Leave out the pictures, then return the records word for word.
# # #
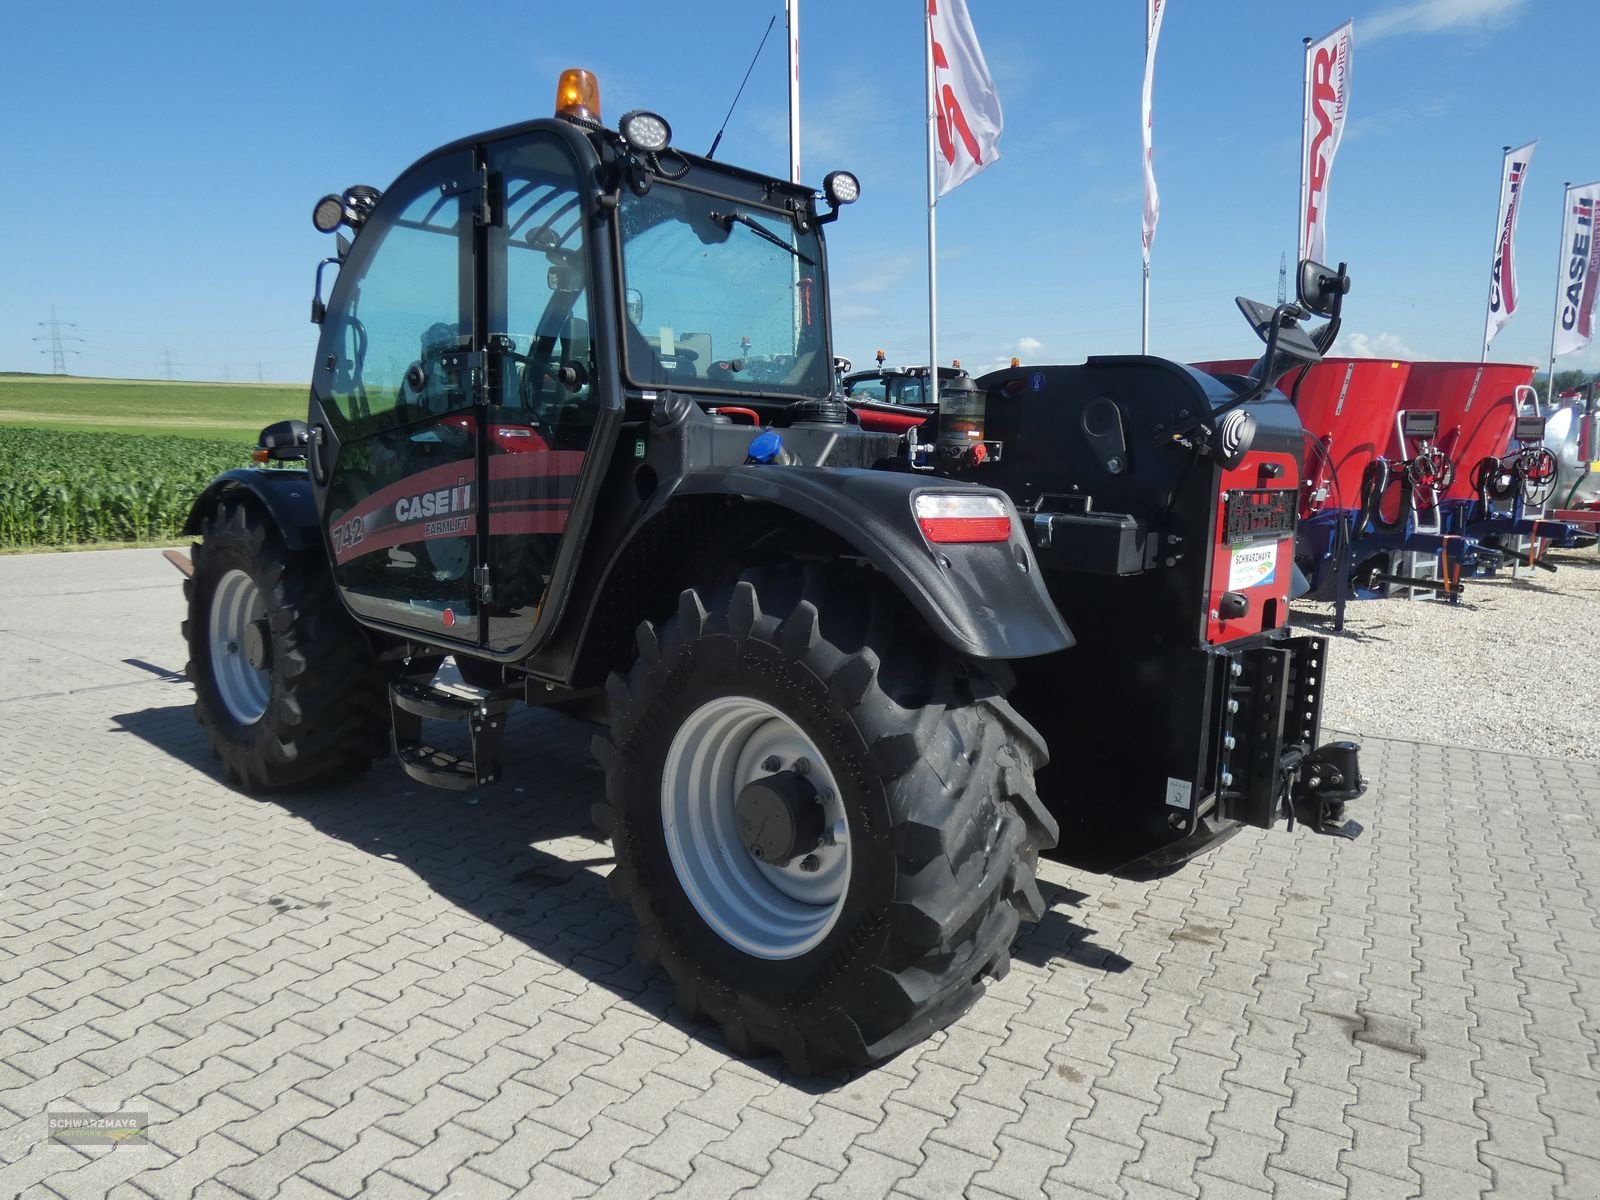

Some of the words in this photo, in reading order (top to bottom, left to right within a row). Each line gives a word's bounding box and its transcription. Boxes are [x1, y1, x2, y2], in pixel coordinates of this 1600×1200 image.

[1562, 233, 1591, 331] CASE
[395, 490, 449, 522] CASE
[333, 516, 364, 554] 742
[424, 515, 470, 537] FARMLIFT
[1235, 551, 1271, 565] SCHWARZMAYR
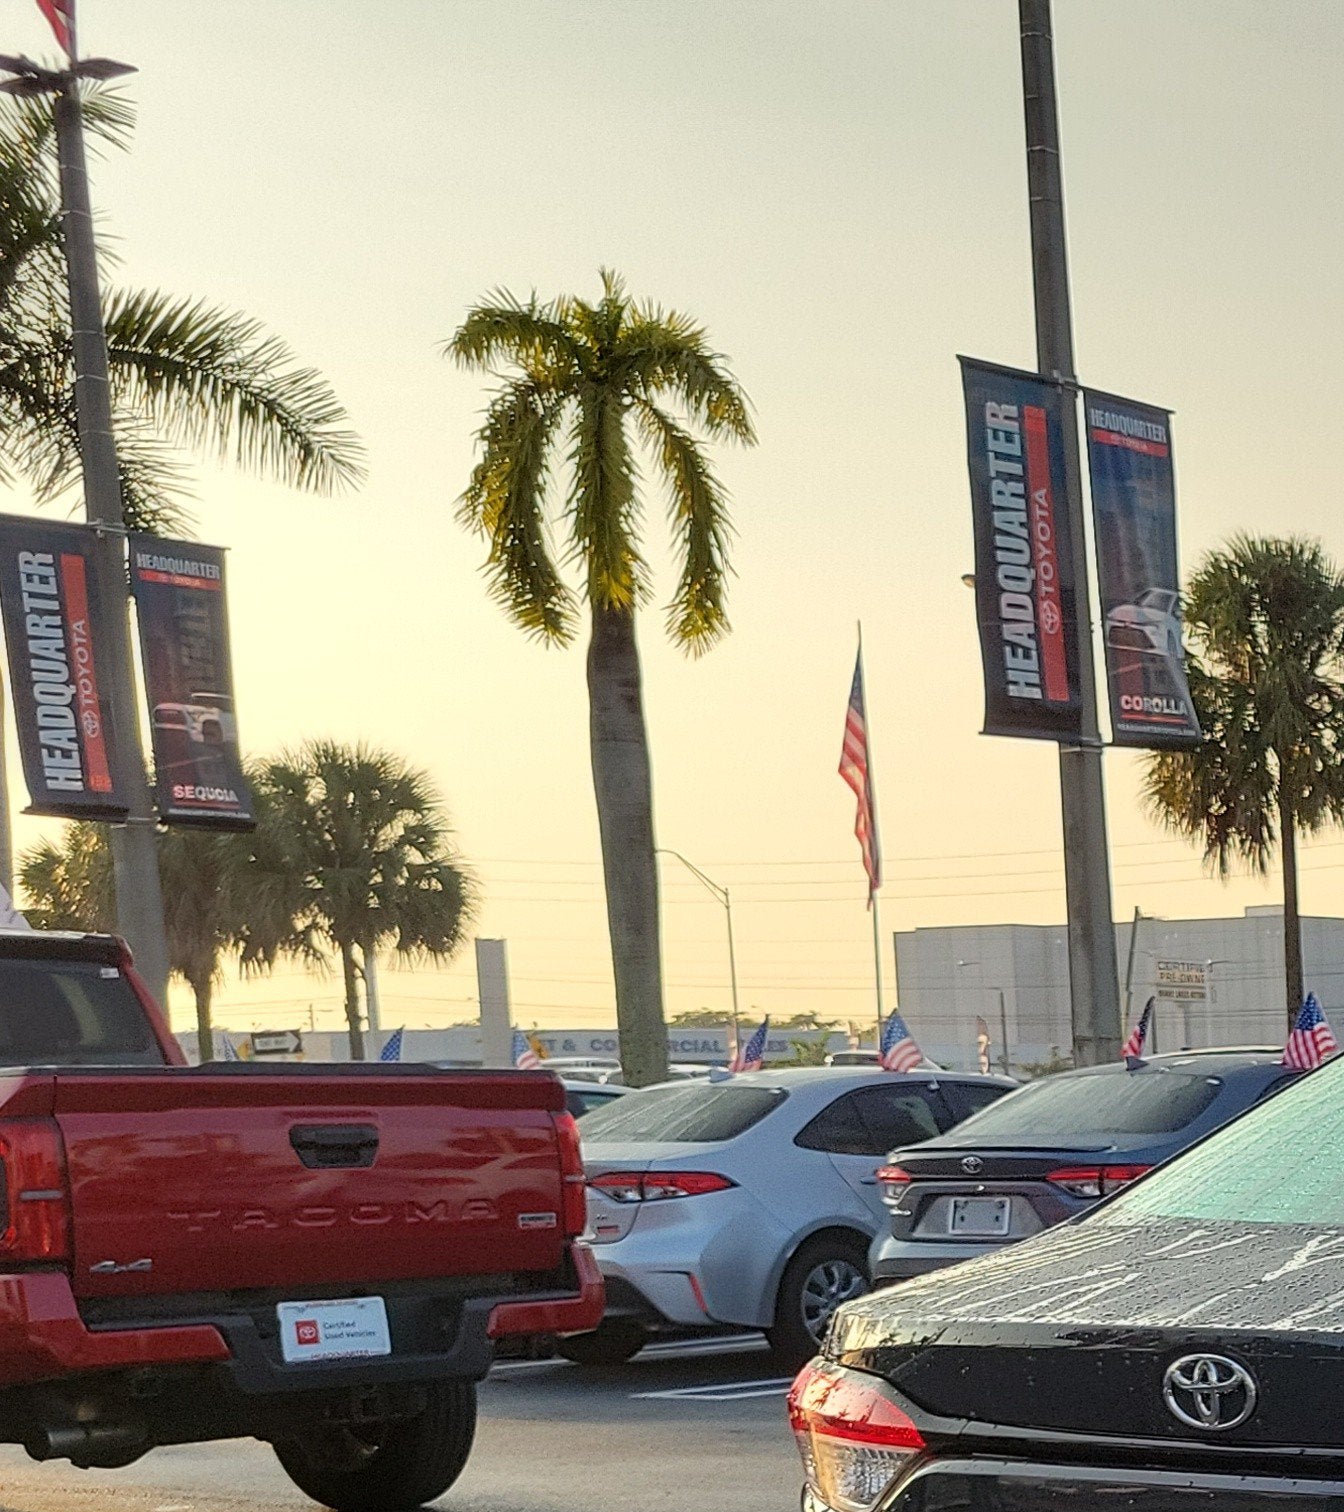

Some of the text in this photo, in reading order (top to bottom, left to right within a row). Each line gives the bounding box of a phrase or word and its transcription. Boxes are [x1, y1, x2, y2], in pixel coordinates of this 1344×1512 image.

[1090, 408, 1167, 443] HEADQUARTER
[136, 553, 220, 579] HEADQUARTER
[985, 401, 1043, 700] HEADQUARTER
[1032, 488, 1057, 599] TOYOTA
[18, 551, 84, 792] HEADQUARTER
[72, 620, 96, 707] TOYOTA
[173, 784, 239, 802] SEQUOIA
[168, 1200, 498, 1232] TACOMA
# # #
_EXPECTED OUTPUT_.
Some of the words in this photo, in reading order (top to bottom, left to right within a row). Each line gives a word's bounding box and its transcription. Boxes are [x1, y1, x2, y2], in pixel coordinates of this 1600×1200 image.

[1562, 233, 1591, 331] CASE
[395, 490, 449, 522] CASE
[333, 516, 364, 554] 742
[424, 515, 470, 537] FARMLIFT
[1235, 551, 1271, 565] SCHWARZMAYR

Some of the text in this photo, in reading order (top to bottom, left to right within a row). Each line gives the bounding box of a phrase or word and its transcription. Boxes are [x1, y1, x2, y2], in pixel coordinates of this 1344×1512 image.

[1090, 408, 1167, 443] HEADQUARTER
[136, 553, 220, 579] HEADQUARTER
[985, 401, 1043, 700] HEADQUARTER
[1032, 488, 1057, 599] TOYOTA
[18, 551, 84, 792] HEADQUARTER
[72, 620, 96, 707] TOYOTA
[173, 784, 239, 802] SEQUOIA
[168, 1200, 498, 1232] TACOMA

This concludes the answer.